>>>>

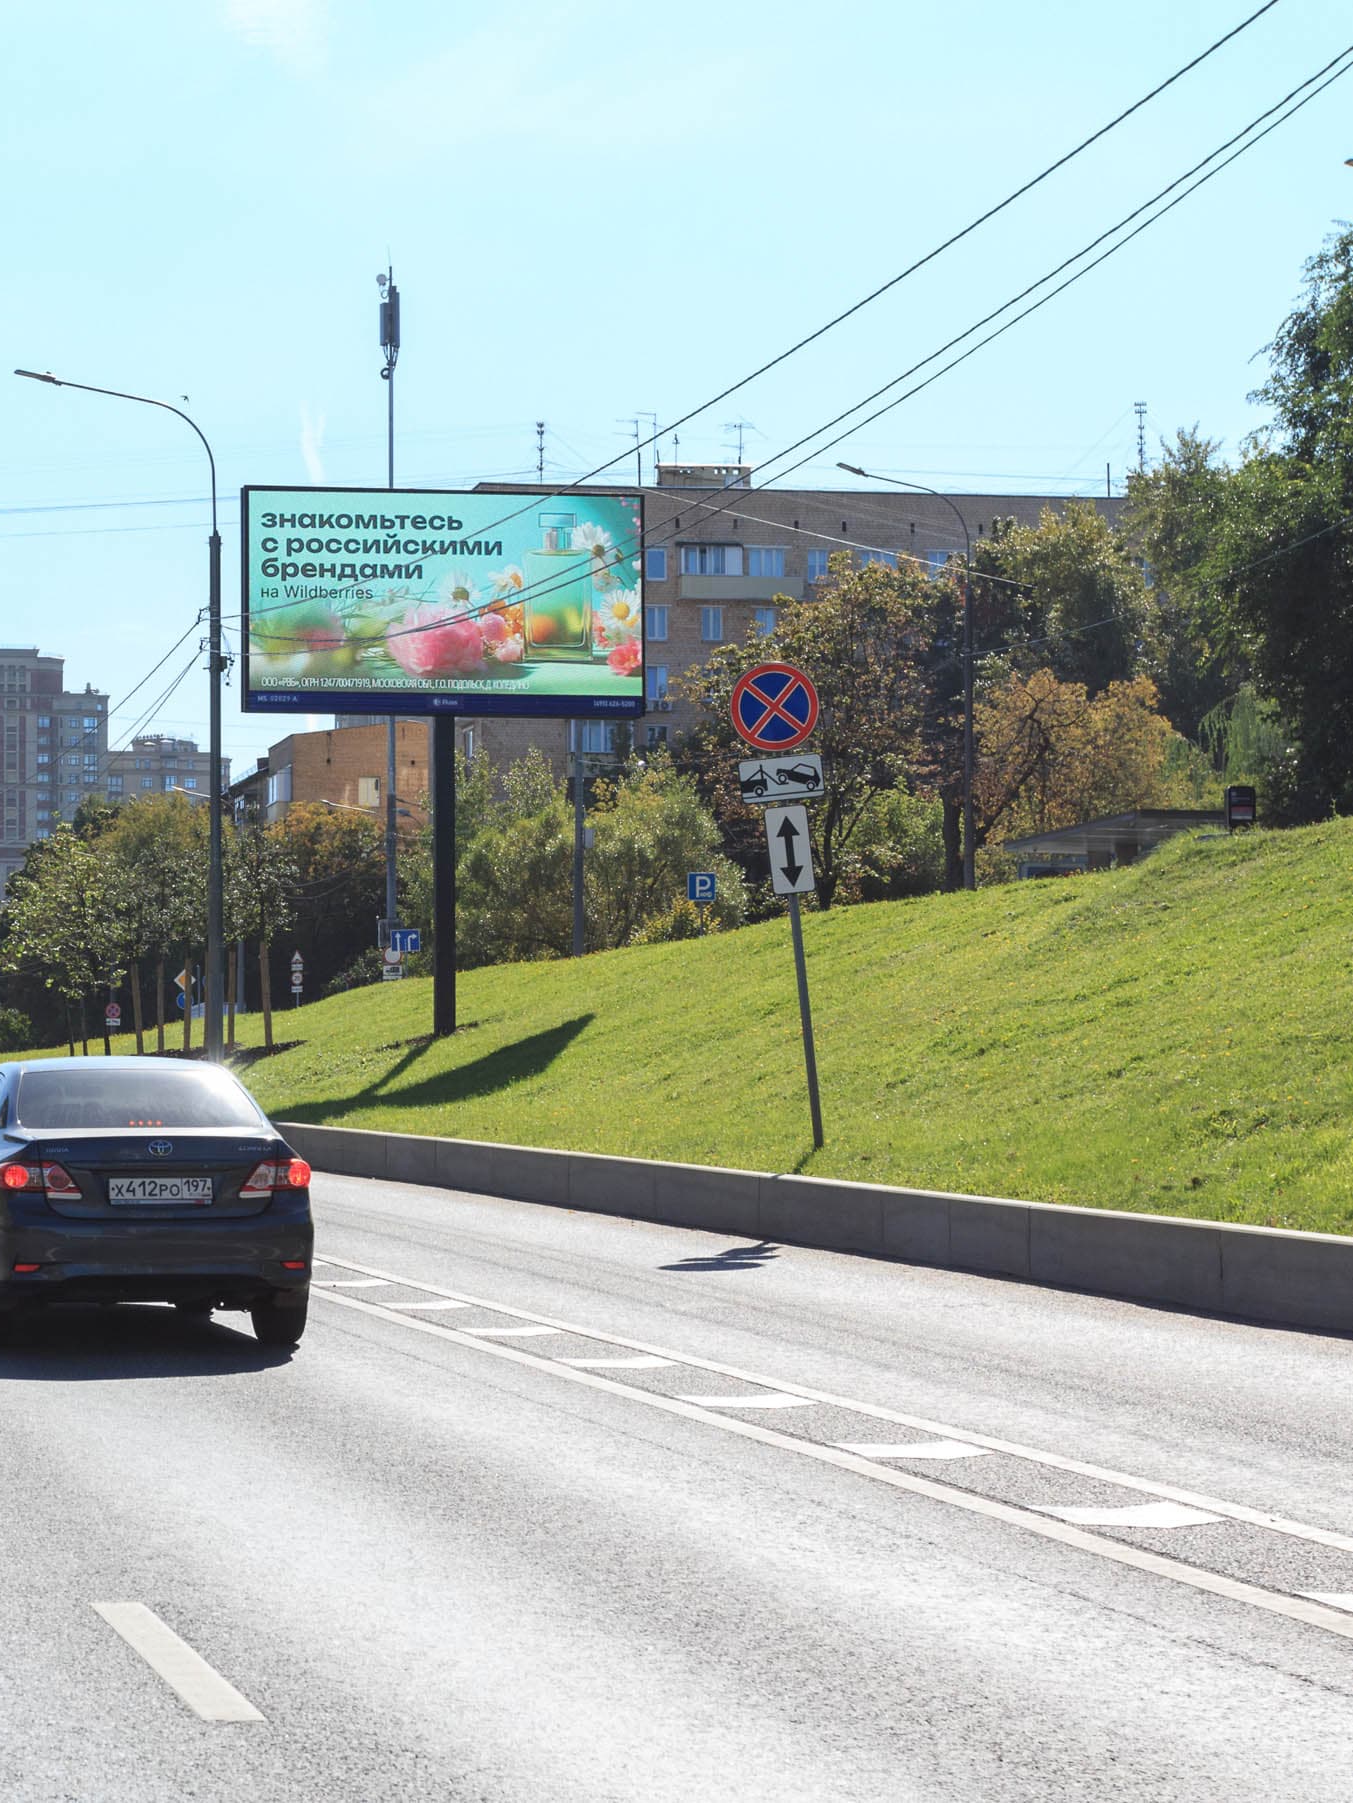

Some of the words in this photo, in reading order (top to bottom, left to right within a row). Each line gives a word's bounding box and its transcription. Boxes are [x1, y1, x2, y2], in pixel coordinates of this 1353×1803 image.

[261, 512, 463, 530] знакомьтесь
[261, 537, 279, 553] с
[286, 533, 502, 556] российскими
[261, 557, 423, 581] брендами
[261, 587, 279, 598] на
[284, 585, 373, 599] Wildberries
[696, 876, 711, 898] P
[184, 1179, 207, 1192] 197

<<<<

- **YOUR TASK**:
Set down the whole listing word for word, omitting the pictures.

- **WRITTEN RESPONSE**:
Some of the words in this photo, in reading order (top to bottom, left to right within a row). Each line gives a word's bounding box and its transcription. Boxes are [x1, y1, x2, y2], in pixel coordinates of this 1353×1803 image.

[261, 512, 463, 530] знакомьтесь
[261, 537, 279, 553] с
[286, 533, 502, 556] российскими
[261, 557, 423, 581] брендами
[261, 587, 279, 598] на
[284, 585, 373, 599] Wildberries
[696, 876, 711, 898] P
[184, 1179, 207, 1192] 197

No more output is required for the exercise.